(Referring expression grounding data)
########
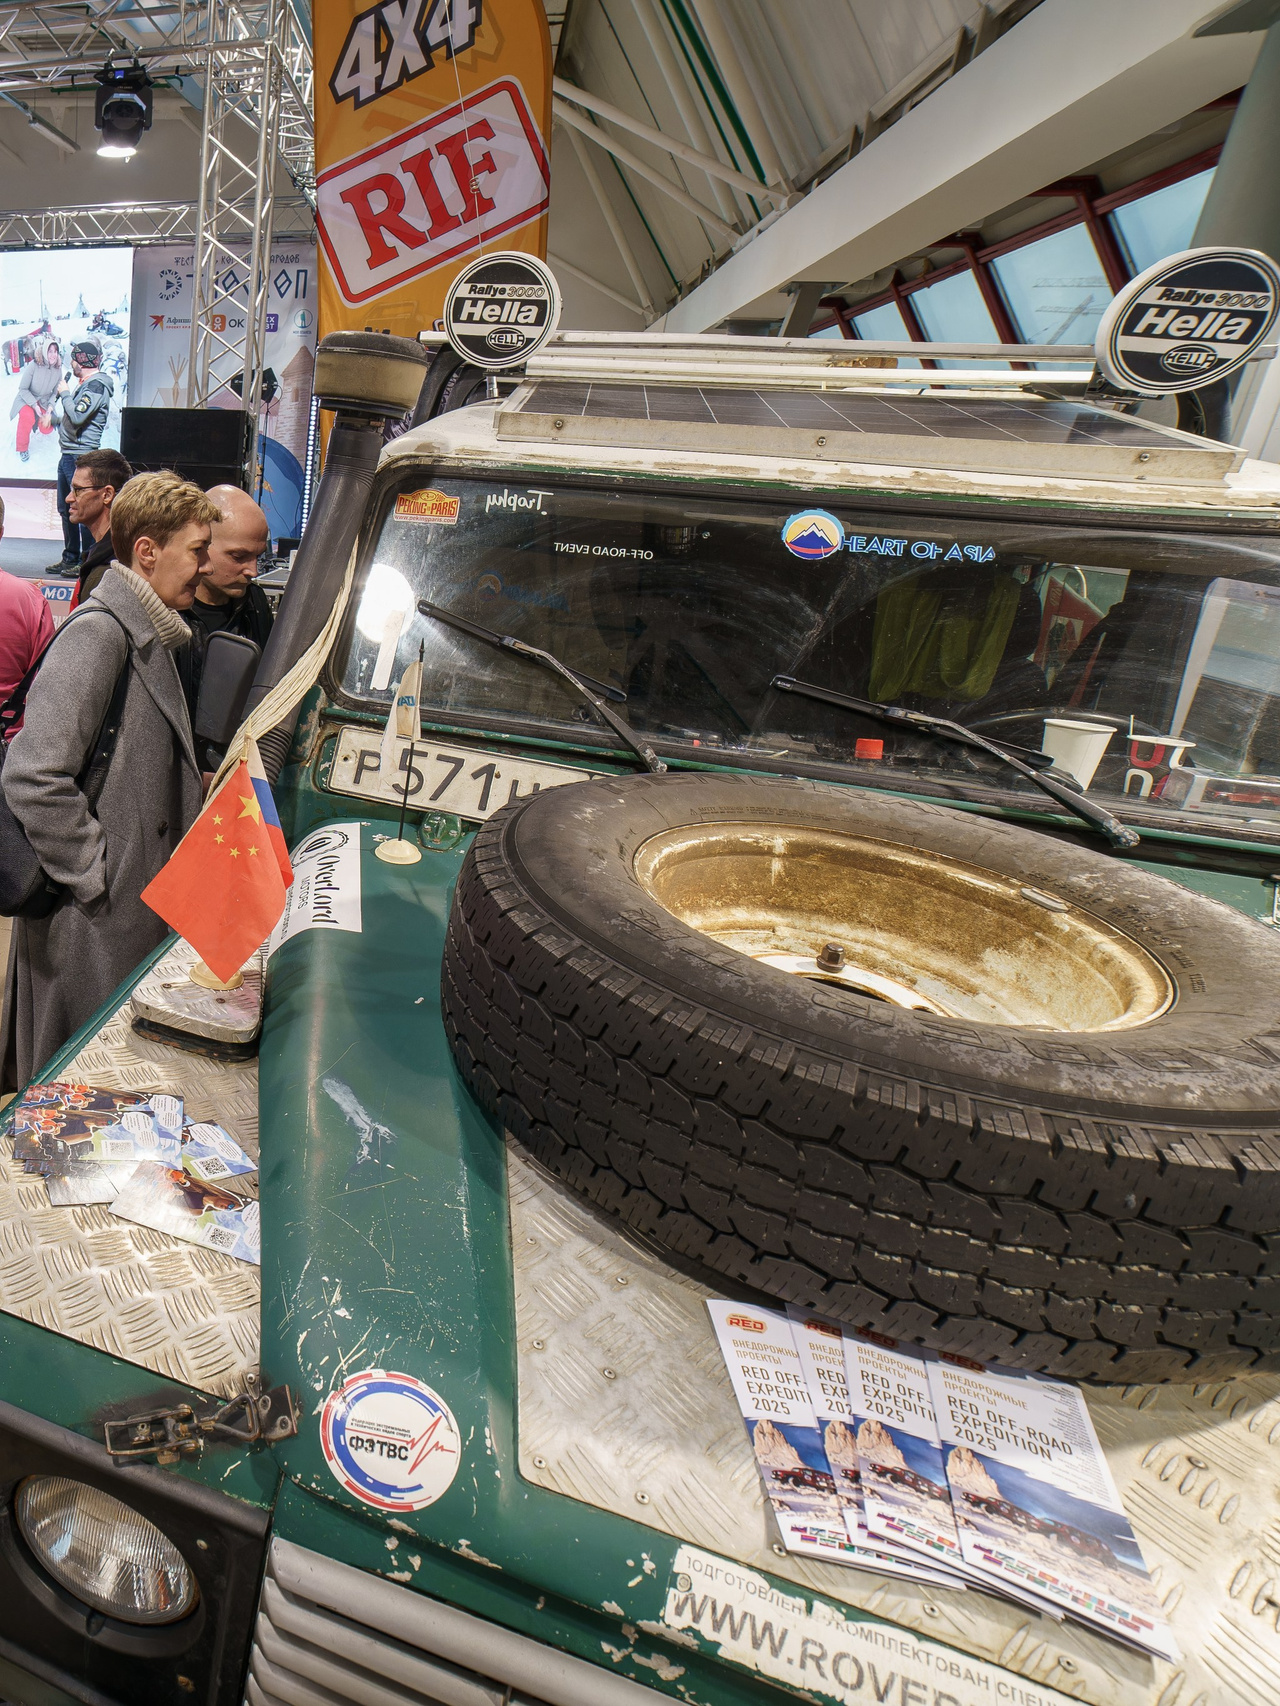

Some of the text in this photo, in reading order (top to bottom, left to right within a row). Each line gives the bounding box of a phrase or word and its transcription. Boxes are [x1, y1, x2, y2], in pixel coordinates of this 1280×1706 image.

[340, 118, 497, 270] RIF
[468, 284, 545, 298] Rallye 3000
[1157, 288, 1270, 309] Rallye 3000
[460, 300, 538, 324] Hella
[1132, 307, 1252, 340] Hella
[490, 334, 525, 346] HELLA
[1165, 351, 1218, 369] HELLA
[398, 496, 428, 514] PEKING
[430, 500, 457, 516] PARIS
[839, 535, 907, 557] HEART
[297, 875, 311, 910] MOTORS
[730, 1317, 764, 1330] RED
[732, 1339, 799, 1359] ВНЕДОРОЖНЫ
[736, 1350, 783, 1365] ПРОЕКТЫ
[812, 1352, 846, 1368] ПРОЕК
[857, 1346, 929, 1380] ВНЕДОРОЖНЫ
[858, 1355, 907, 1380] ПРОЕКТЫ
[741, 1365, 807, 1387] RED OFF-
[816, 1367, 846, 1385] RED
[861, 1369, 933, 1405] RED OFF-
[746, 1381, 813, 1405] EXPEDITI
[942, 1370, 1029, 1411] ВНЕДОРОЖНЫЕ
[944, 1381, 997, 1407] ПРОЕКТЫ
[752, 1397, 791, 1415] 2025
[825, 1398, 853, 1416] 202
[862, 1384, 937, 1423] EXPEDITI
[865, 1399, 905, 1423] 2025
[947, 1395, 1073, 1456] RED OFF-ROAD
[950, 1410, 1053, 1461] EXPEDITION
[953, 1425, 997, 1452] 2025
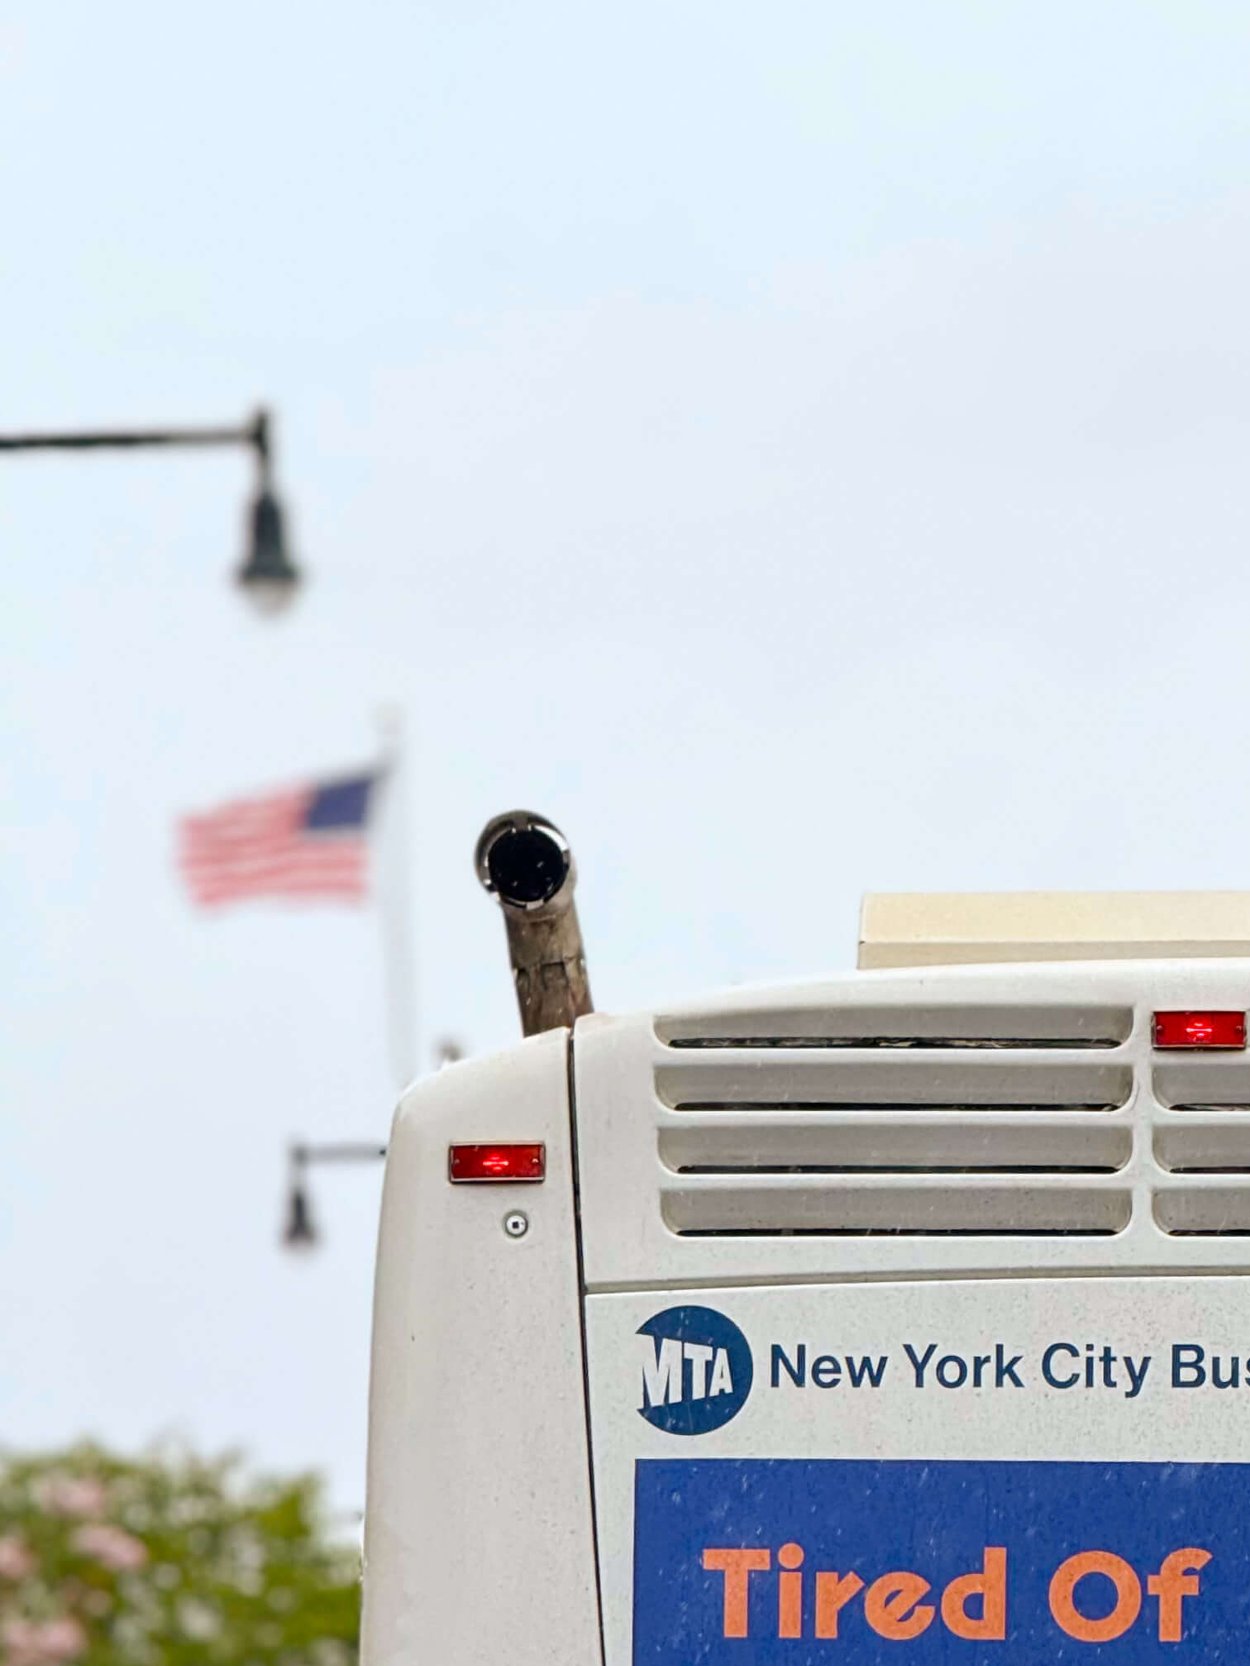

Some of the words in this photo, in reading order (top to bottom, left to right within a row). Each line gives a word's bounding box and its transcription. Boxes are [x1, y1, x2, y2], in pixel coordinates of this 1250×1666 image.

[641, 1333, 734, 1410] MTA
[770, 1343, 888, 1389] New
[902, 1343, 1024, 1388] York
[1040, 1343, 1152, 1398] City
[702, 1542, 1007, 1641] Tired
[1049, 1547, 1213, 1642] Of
########
• TASK GOAL: Repeat the line containing "Some of the words" and all subsequent lines through the final line of the data, exactly and with no others.

• EXPECTED OUTPUT:
Some of the words in this photo, in reading order (top to bottom, left to right within a row). Each line gives a word's bounding box and its transcription. Boxes are [x1, y1, x2, y2], in pixel coordinates of this 1250×1666 image.

[641, 1333, 734, 1410] MTA
[770, 1343, 888, 1389] New
[902, 1343, 1024, 1388] York
[1040, 1343, 1152, 1398] City
[702, 1542, 1007, 1641] Tired
[1049, 1547, 1213, 1642] Of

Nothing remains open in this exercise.